[Data for review — start]

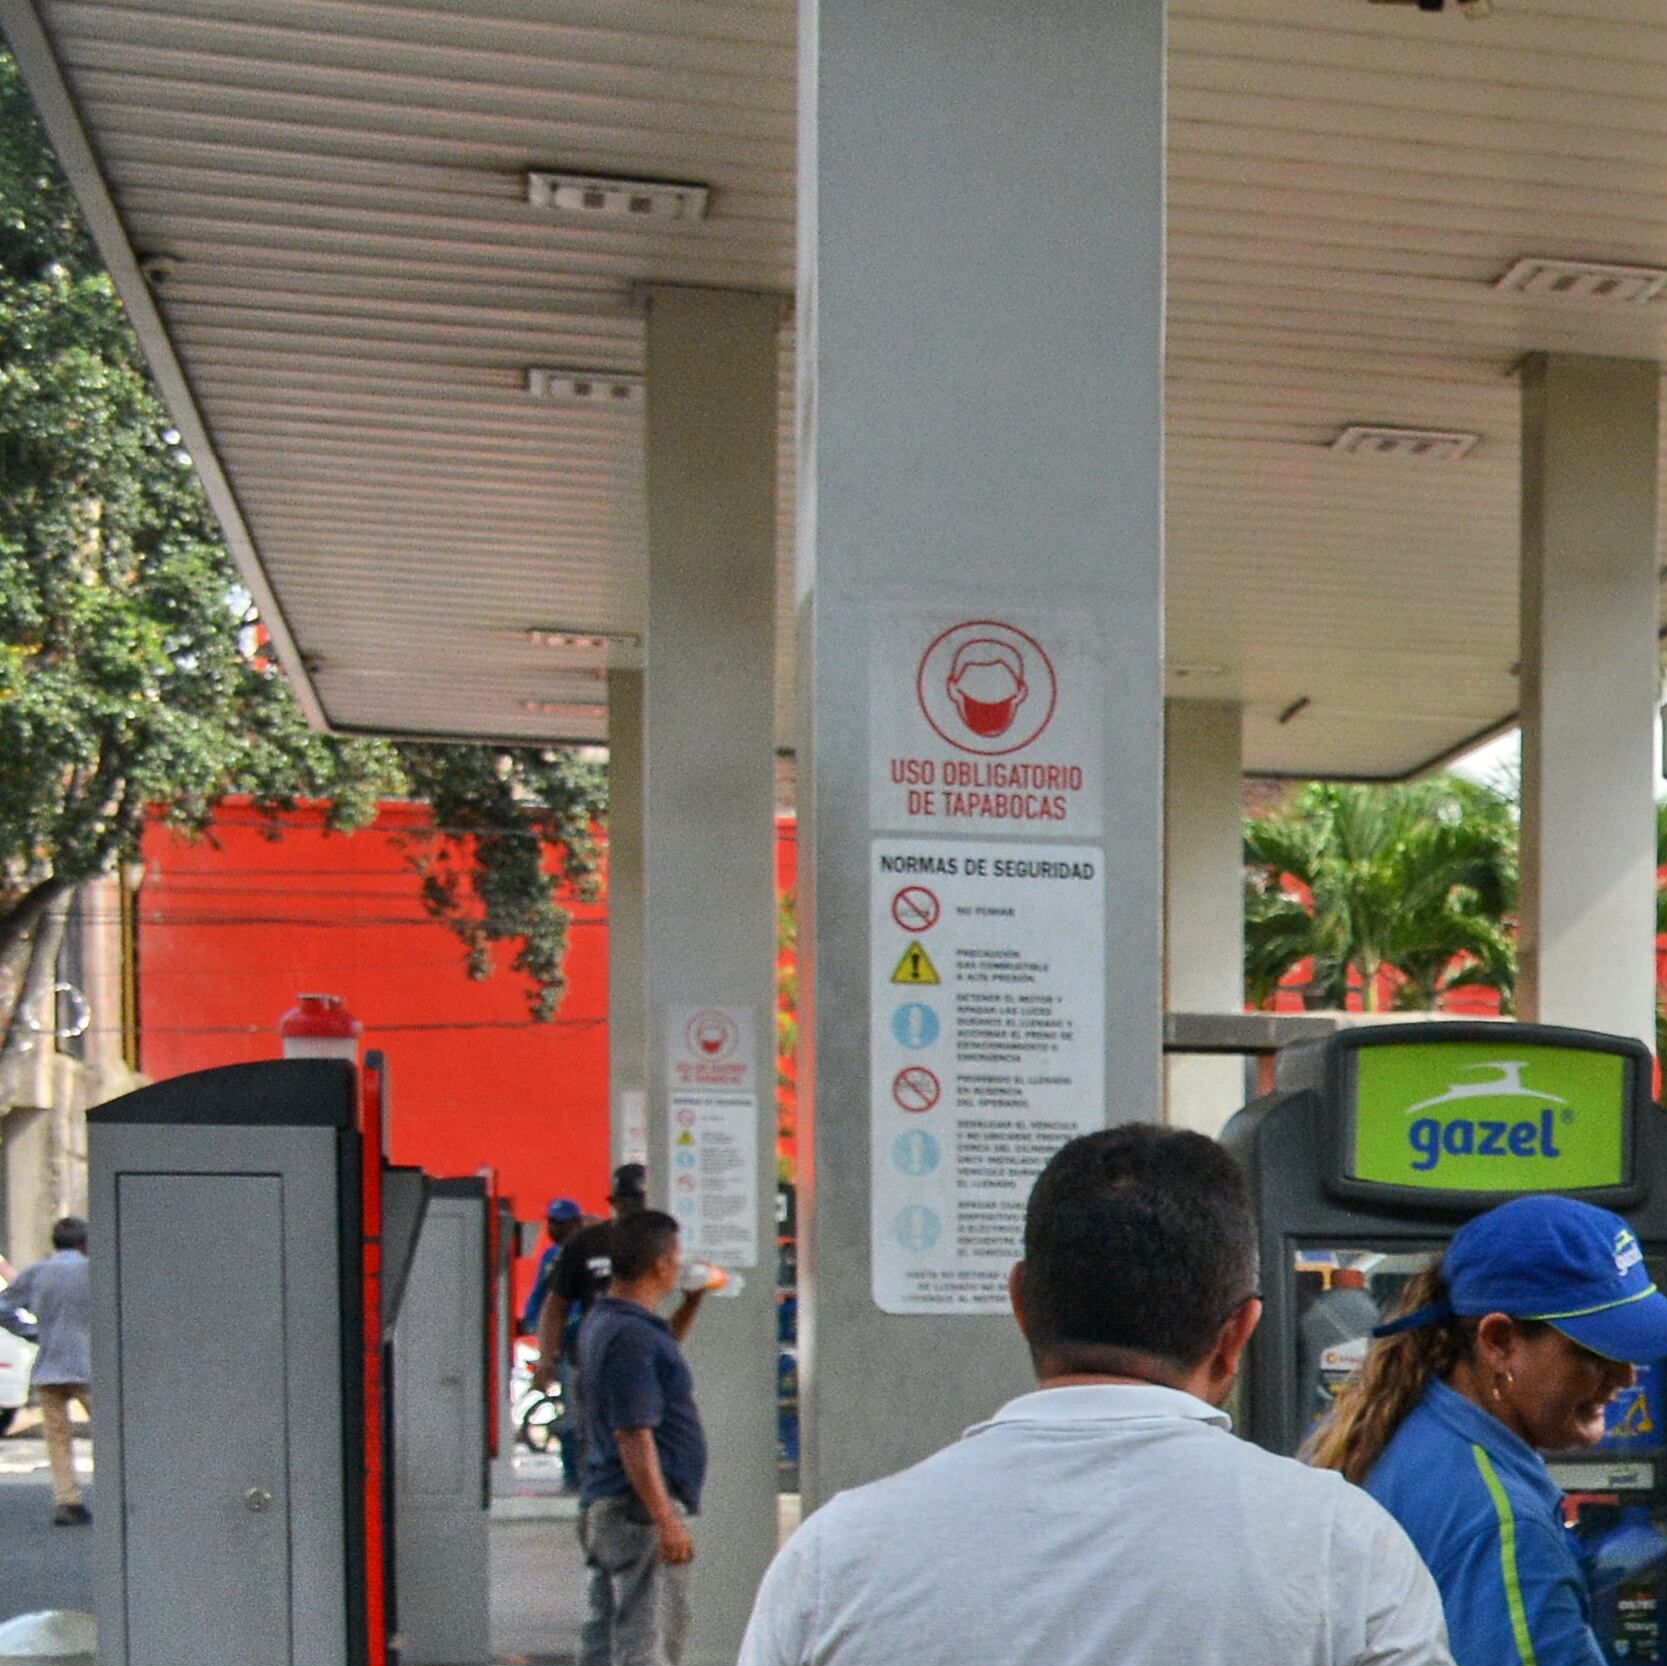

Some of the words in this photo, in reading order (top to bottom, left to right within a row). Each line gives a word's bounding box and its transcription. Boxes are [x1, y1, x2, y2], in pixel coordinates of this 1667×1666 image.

[890, 759, 935, 786] USO
[943, 762, 1083, 790] OBLIGATORIO
[908, 791, 935, 816] DE
[943, 792, 1067, 821] TAPABOCAS
[880, 855, 958, 877] NORMAS
[965, 858, 987, 877] DE
[994, 860, 1095, 881] SEGURIDAD
[1409, 1109, 1560, 1171] gazel

[Data for review — finish]

# Your assignment
Quote every line of the records above exactly; no picture is to be copied.

# Solution to the problem
Some of the words in this photo, in reading order (top to bottom, left to right within a row). Each line gives a word's bounding box and its transcription. Boxes are [x1, y1, x2, y2], in pixel coordinates of this 1667×1666 image.

[890, 759, 935, 786] USO
[943, 762, 1083, 790] OBLIGATORIO
[908, 791, 935, 816] DE
[943, 792, 1067, 821] TAPABOCAS
[880, 855, 958, 877] NORMAS
[965, 858, 987, 877] DE
[994, 860, 1095, 881] SEGURIDAD
[1409, 1109, 1560, 1171] gazel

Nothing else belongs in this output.